Let me be treated in UK, pleads woman with rare illness

A young woman with a rare and progressive disease who was refused funding to travel abroad for treatment not available here has launched a public appeal calling on the Government and the HSE to relent.

Let me be treated in UK, pleads woman with rare illness

Aimee Foley, 26, from Midleton, Co Cork, who has Ehlers-Danlos syndrome (EDS) — an incurable connective tissue disease that effects the joints, muscles, bones, blood vessels, and organs — has launched a Facebook campaign and a YouTube campaign to highlight her plight. About 7,700 people have shared her video on Facebook.

Aimee was turned down for funding under the HSE’s Treatment Abroad Scheme (TAS) on the basis that she was seeking a specialist opinion rather than actual treatment, which TAS officials said was beyond their remit.

This was despite the fact that her doctors advised her to travel to the UK for a formal diagnosis because of the lack of expertise here in diagnosing such a rare disease.
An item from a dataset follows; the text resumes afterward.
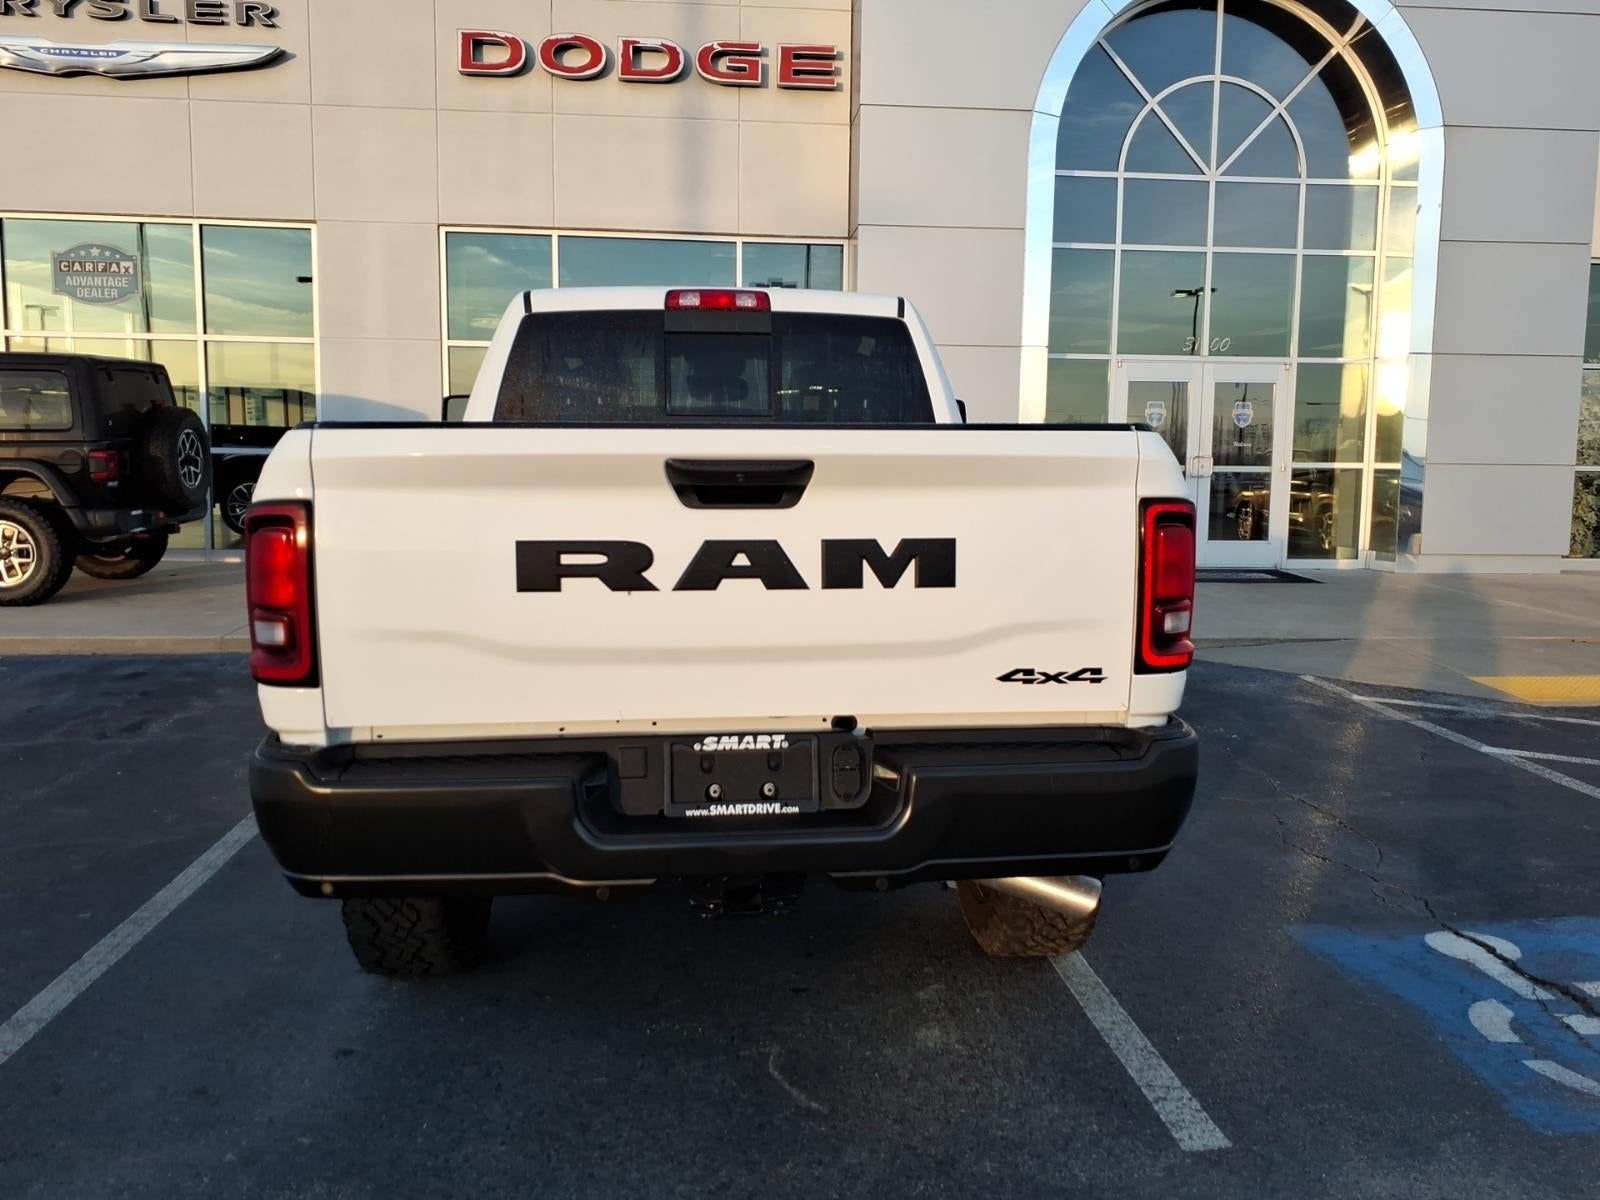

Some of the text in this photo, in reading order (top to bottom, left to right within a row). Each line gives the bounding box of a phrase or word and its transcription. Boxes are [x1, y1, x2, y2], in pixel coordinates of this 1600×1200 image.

The specialist who assessed her at the Hospital of St John and Elizabeth in London in May this year said given that Aimee does not have health insurance “it will be essential for her treatment to be funded by the State”.

Prof Rodney Grahame, a consultant rheumatologist, also said Aimee should be sent to the UK for a rehabilitation programme if a programme “for specific EDS patients” was not available locally.

Aimee has been in contact with the National Rehabilitation Centre (NRC) in Dublin and says they do not have such a programme.

However, Aimee would still have to be formally assessed by the NRC to confirm this before she could get any funding to travel abroad. She believes it could take a year or two to even get as far as the NRC stage.

“To even get a referral to the NRC would take until April 2014 because that’s the next appointment I can get with my consultant rheumatologist. Then I would have to join the NRC waiting list only to be told at the end that they can’t treat me,” she said.

Aimee said she would then face delays waiting for a referral to the NHS Rehab Centre in Stanmore, where the standard waiting time for pre-assessment is 22 weeks, and a further four to five months waiting for a bed should she be deemed eligible for the programme.

As her disease is progressive and her quality of life is deteriorating, Aimee is appealing to TAS to fund her treatment at the Hospital of St John and Elizabeth where they have a hypermobility unit for people with conditions such as EDS. This was her quickest route to vital treatment, she said.

Aimee said she is “at high risk of many complications” and is afraid the worst may happen before she can access treatment.

“I am in the early stages of paralyses of my bowel, stomach and most recently, oesophagus. There is no cure, and the worst I could face is total gastrointestinal failure,” she said.

Aimee has appealed to Taoiseach Enda Kenny, Health Minister James Reilly, and the HSE to fund her treatment abroad.